On average you're far more likely to get a sincere hug from someone with Down's syndrome than from a multi-millionaire.
But I'm more interested in this when it comes to the animal kingdom, because while ChatGPT is certainly more useful than my cat, I'm also pretty certain that it's a lot less aware. Meaningful awareness - feelings - seems to be an evolutionary adaptation possessed by k-strategy reproducing vertebrates. Having a small number of kids and being biologically wired to care for them has huge implications for your motivation as an animal, and it's reasonable to think that a lot of our higher emotions are built on hardware originally evolved for that purpose.
(Albeit the evolutionary origins of that are somewhat murky - to what extent mammals/birds reuse capabilities that were developed by a much earlier common ancestor, or whether it's entirely parallel evolution, isn't known afaik - but birds seem to exhibit a similar set of emotional states to mammals, that much is true).
Something doesn't need to learn to think. I think all the time without learning.
There's also an argument for machines already starting to crack learning with literal reinforcement training and feedback loops.
Your language game was when you said the 'cognition ends...', as cognition is just a synonym for thinking. "The thinking ends when the inference cycle ends. It's not thinking'" becomes a clear contradiction.
As for "the process by which it does that is wholly unrelated", buddy it's modelled on human neuron behaviour. That's how we've had this generative AI breakthrough. We've replicated human mental cognition as closely as we can with current technology and the output bears striking resemblance to our own generative capabilities (thoughts).
Happy to admit it's not identical, but it's damn well inside the definition of thinking, may also cover learning. It may be better to take a second look at human thinking and wonder if it's as cryptic and deep as we thought ten, twenty years ago.
Updates your models for the next morning, which is why the answer is there when it wasn’t before.
“Let me think about this.” “I have to think on it.”
My brain regulates all sorts of processes unconsciously, like breathing, for example. I don’t treat those as “thinking,” so I don’t know why other unconscious brain activity would be either.
"Thinking" to me is very much NOT just conscious reasoning. So much of what I think is not done consciously.
Indeed "let me think about it" is often simply giving my brain time to "sit on it", for another expression - only after which will I have enough mind time on the various alternatives for a worthwhile conscious decision.
The continuity is currently an illusion.
Much like speaking to a less experienced colleague, no?
They say things that contain the right ideas, but arrange it unconvincingly. Still useful to have though.
Yes I would.
The term “thinking” is rather ill-defined, too bound to how we perceive our own wakeful thinking.

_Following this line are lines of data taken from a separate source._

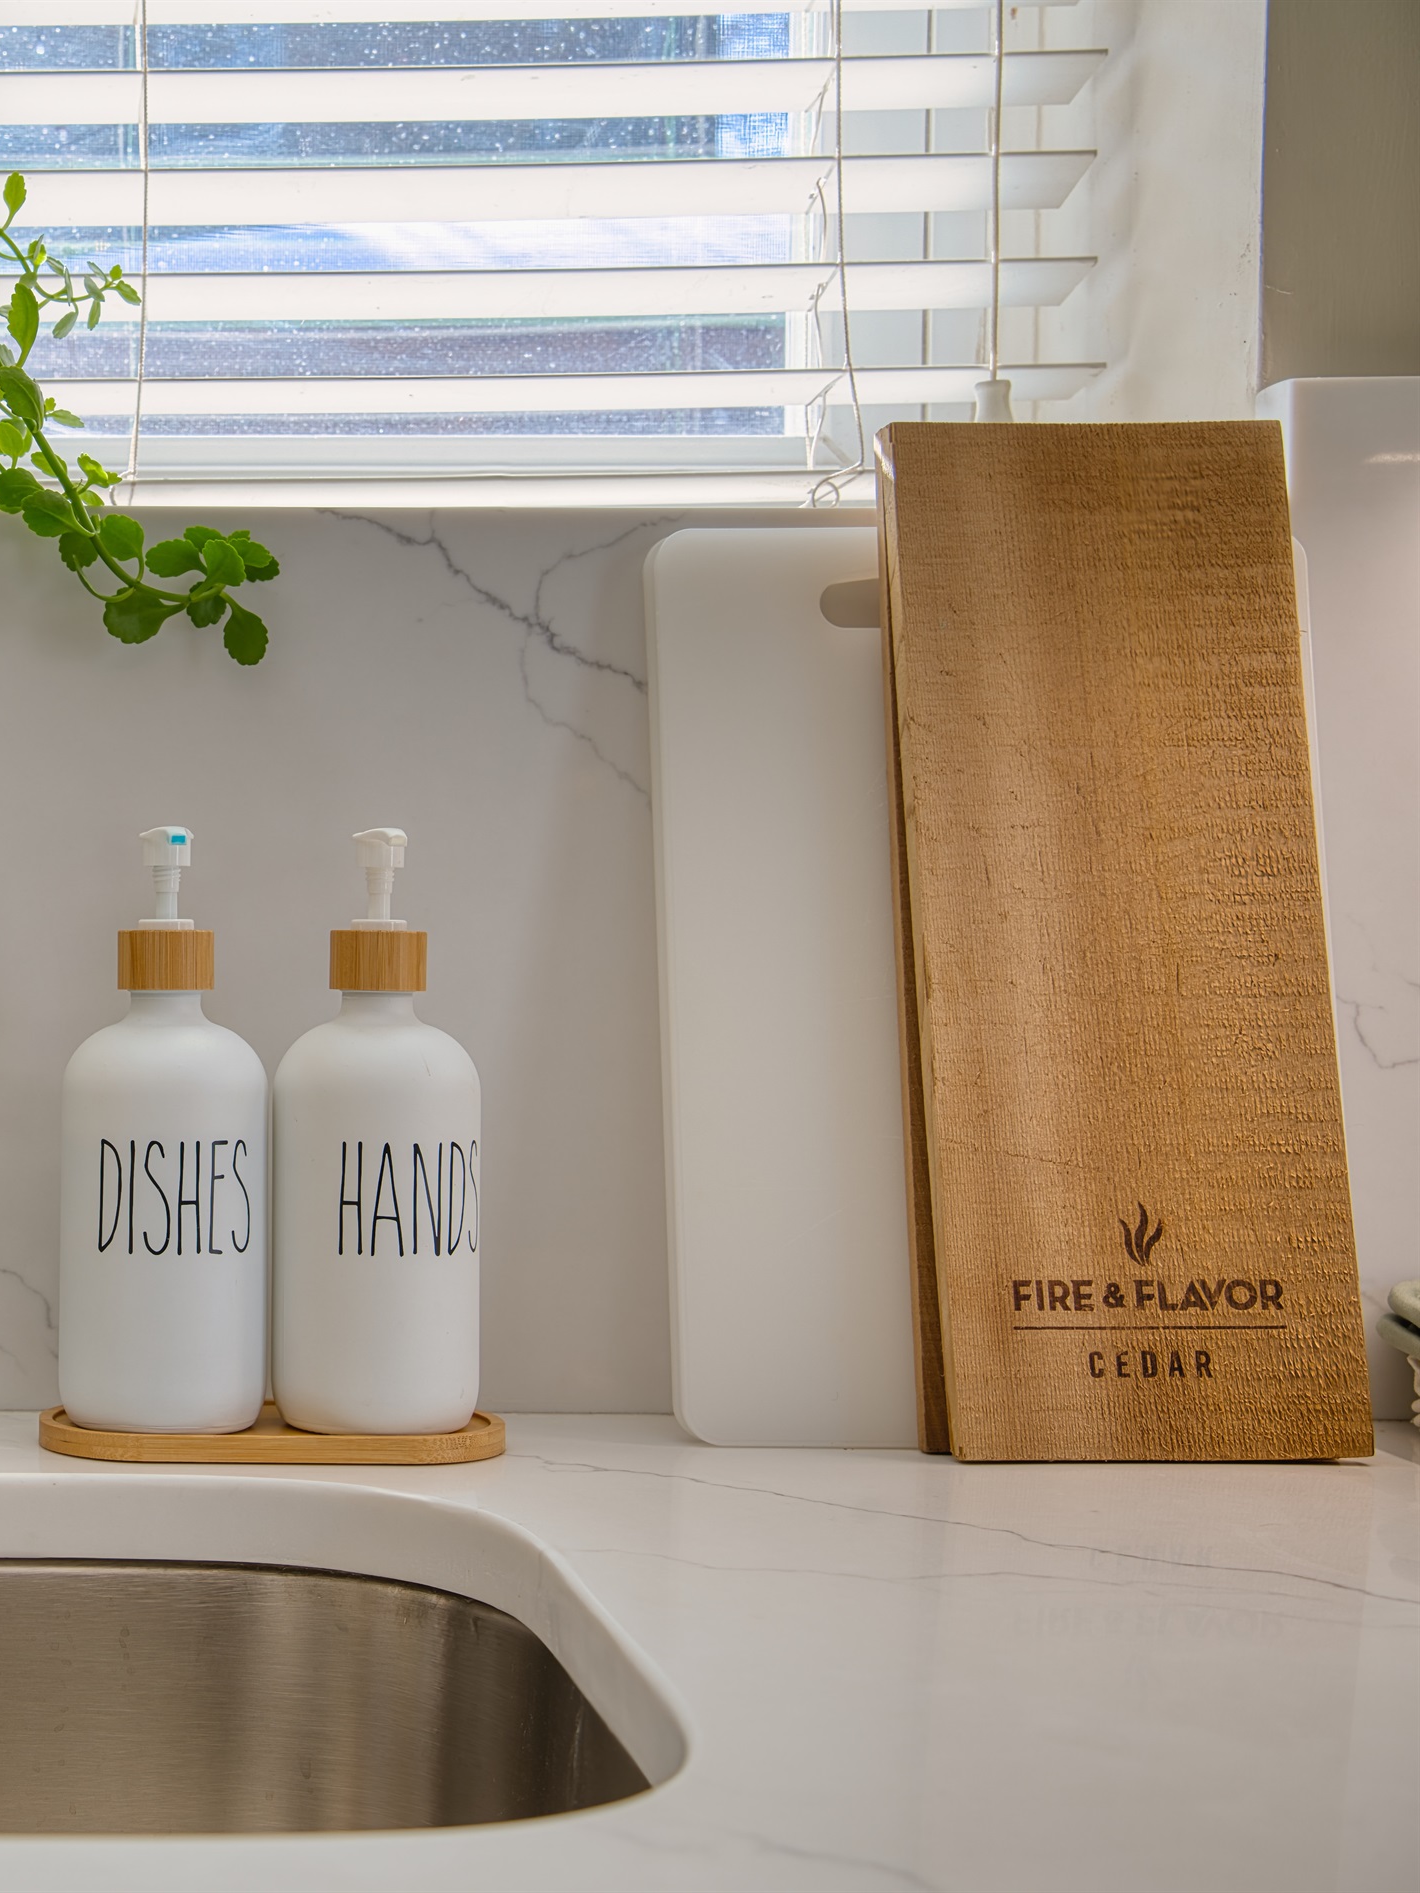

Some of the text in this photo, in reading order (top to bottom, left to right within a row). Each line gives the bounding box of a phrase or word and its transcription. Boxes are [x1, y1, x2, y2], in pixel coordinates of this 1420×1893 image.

[97, 1138, 251, 1256] DISHES
[338, 1139, 478, 1257] HANDS
[1012, 1278, 1284, 1311] FIRE & FLAVOR
[1088, 1350, 1214, 1378] CEDAR
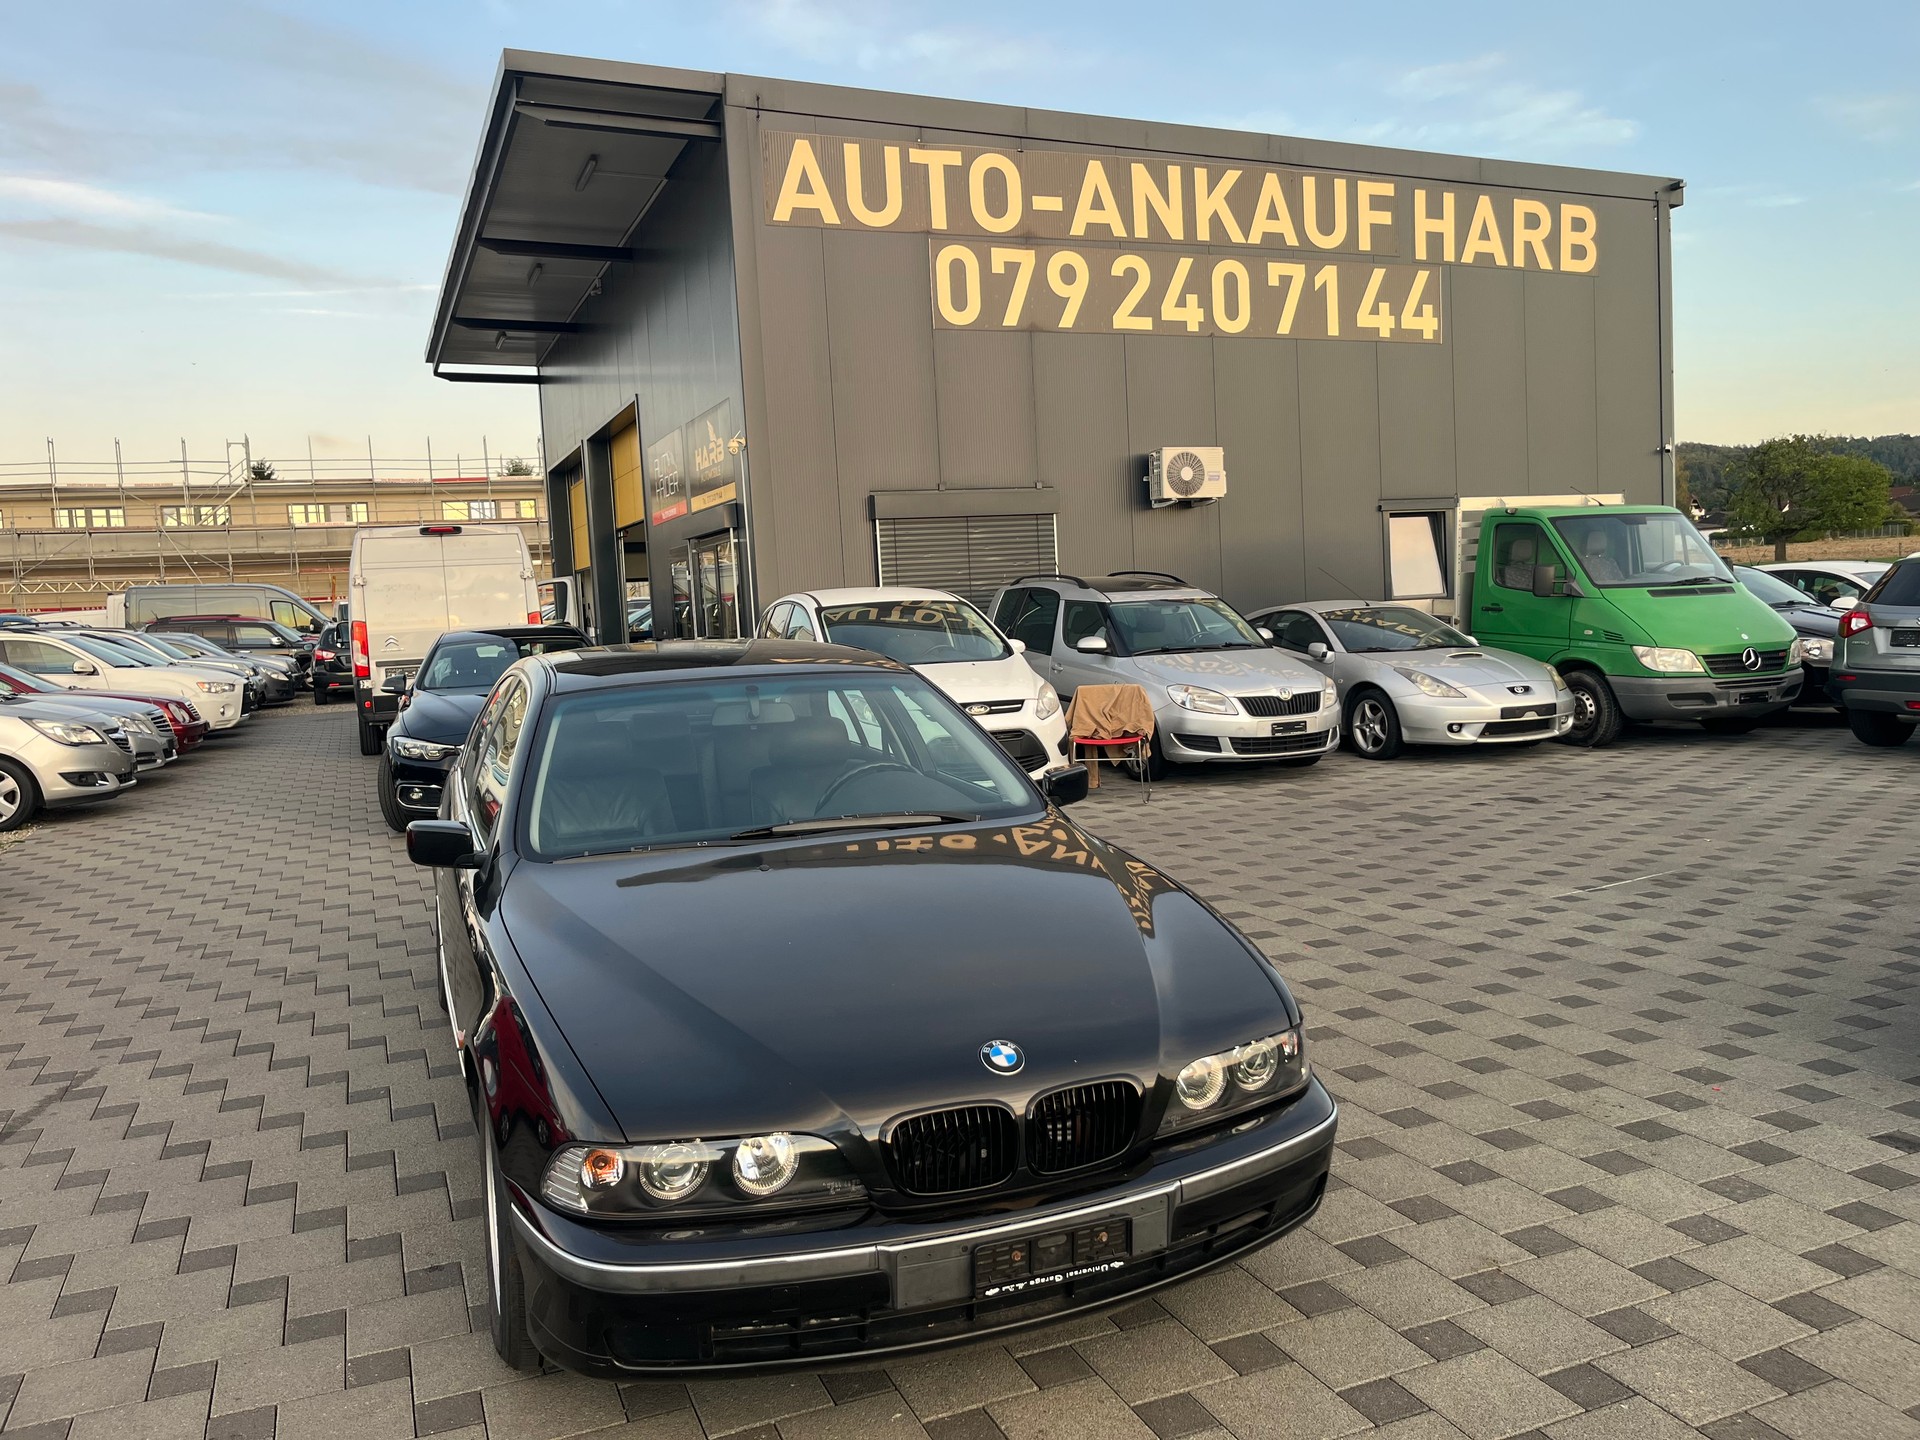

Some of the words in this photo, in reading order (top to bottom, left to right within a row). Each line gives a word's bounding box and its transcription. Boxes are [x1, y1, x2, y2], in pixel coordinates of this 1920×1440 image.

[773, 139, 1395, 252] AUTO-ANKAUF
[1415, 189, 1597, 273] HARB
[936, 244, 1090, 328] 079
[1111, 254, 1251, 334] 240
[1268, 262, 1341, 337] 71
[1357, 267, 1440, 341] 44
[694, 437, 725, 472] HARB
[1029, 1274, 1064, 1287] Garage
[1066, 1264, 1109, 1279] Universal

When conversing with LLMs, I never get the feeling that they have a solid grasp on the conversation. When you dig into topics, there is always a little too much vagueness, a slight but clear lack of coherence, continuity and awareness, a prevalence of cookie-cutter verbiage. It feels like a mind that isn’t fully “there” — and maybe not at all.
I would agree that LLMs reason (well, the reasoning models). But “thinking”? I don’t know. There is something missing.